12 January 2010

self-realization in progress

i'm describing this as a "semi-existential process." it's not a crisis, just a reorganization of thought. and it's not really existential at all.

it started with a comment the professor made in my afternoon class: "don't tell my colleagues...but i'm a speech therapist."

there is some controversy in my profession over how important it is to correct/adjust the perception of ourselves as "speech therapists" among the general public. this is how we've been known for decades, but in recent years many have come to assert that we should encourage others to know us as we know ourselves. in our graduate programs and professional organizations, we are speech-language pathologists (or SLPs, because even those of us who live for speech still like to abbreviate). the idea is that we do a lot more than therapy--and a lot more than speech, for that matter. we evaluate, diagnose, and treat all sorts of communication disorders, both speech- and language-based, and we also evaluate and treat swallowing disorders. for this reason, many SLPs, believe that "speech-language pathologist" is a more accurate and less stereotyped description of the members of our profession.

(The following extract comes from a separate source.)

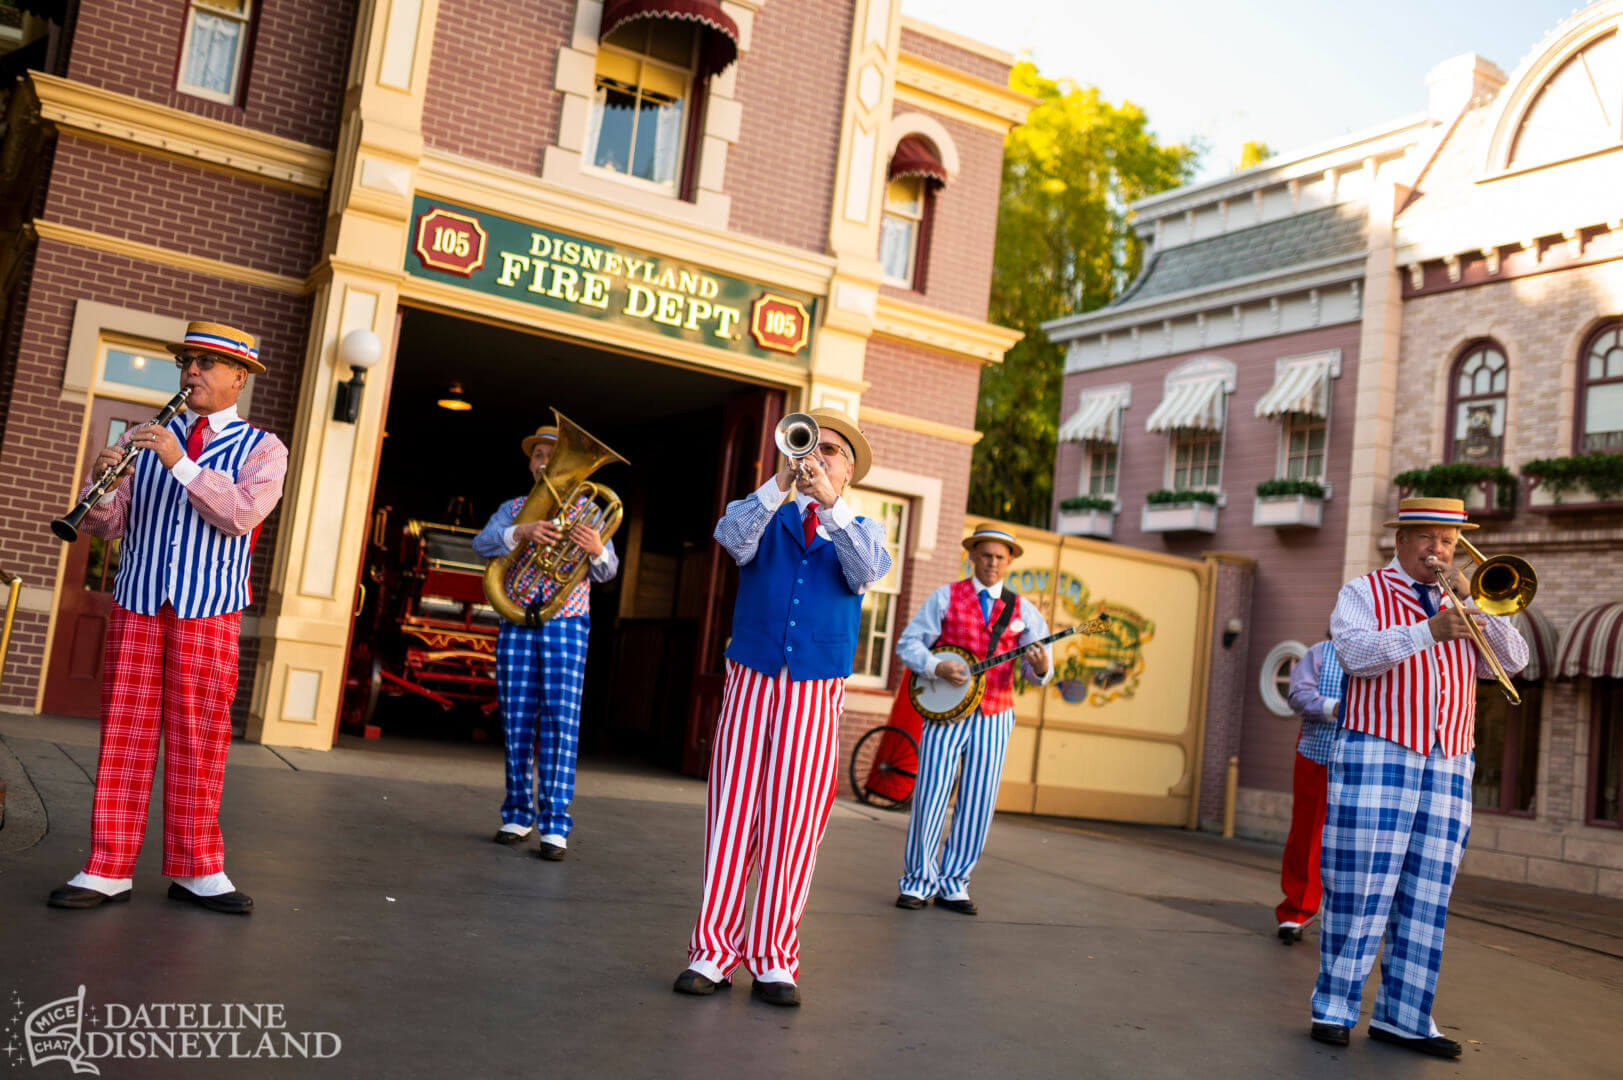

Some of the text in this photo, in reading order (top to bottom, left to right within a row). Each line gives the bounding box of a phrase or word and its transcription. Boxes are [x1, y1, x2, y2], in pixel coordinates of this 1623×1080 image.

[432, 226, 470, 257] 105
[529, 233, 719, 299] DISNEYLAND
[496, 251, 742, 341] FIRE DEPT.
[764, 309, 797, 339] 105

i don't really care. i believe that my goal is to help people communicate more effectively, so if i can use fewer syllables to more easily convey what i'm going to do for a living, that shouldn't be a problem. you speak to people in the language they understand.

my professor this afternoon spent a lot of time talking about how the disruptions to speech are not foremost for people who stutter--the experience of stuttering is. there is no cure for stuttering: a person who stutters will always be a person who stutters, more or less often. our role as SLPs, then, is not [only] to treat the dysfluency, but to act as a coach, a counselor, a therapist, who helps the person cope with their stuttering. this kind of treatment is not medical so much as it is psychological, and it is very, very human.

it was about this time i started thinking about what i really want to do with my life. i still haven't decided exactly what kind of SLP i want to be when i grow up, but i've got a pretty good idea. i got into the field because i wanted to work with youth who have autism. i'm also very interested in aphasia. in the first half-hour of my fluency class, i knew it was something i was going to care deeply about and want to get more involved in. i've never been terribly interested in traditional articulation therapy, where you meet a kid who can't say /s/ or /r/ and help them learn the sound. i've said for a few years that i want to experience a hospice setting, where i know all my clients are going to die. then my diagnostic brain kicked in: what's the pattern here?

i am interested in treating the people you can't cure. i am interested in treating the people you help to cope.

i'm curious to see where this line of thinking leads me. learning what you want to do is way more fun than learning what you don't want to do.

2 comments:

Anonymous said...

:-)

~B.

Aurora Borealis_23 said...

way cool, kelly. way cool. please continue to keep us updated!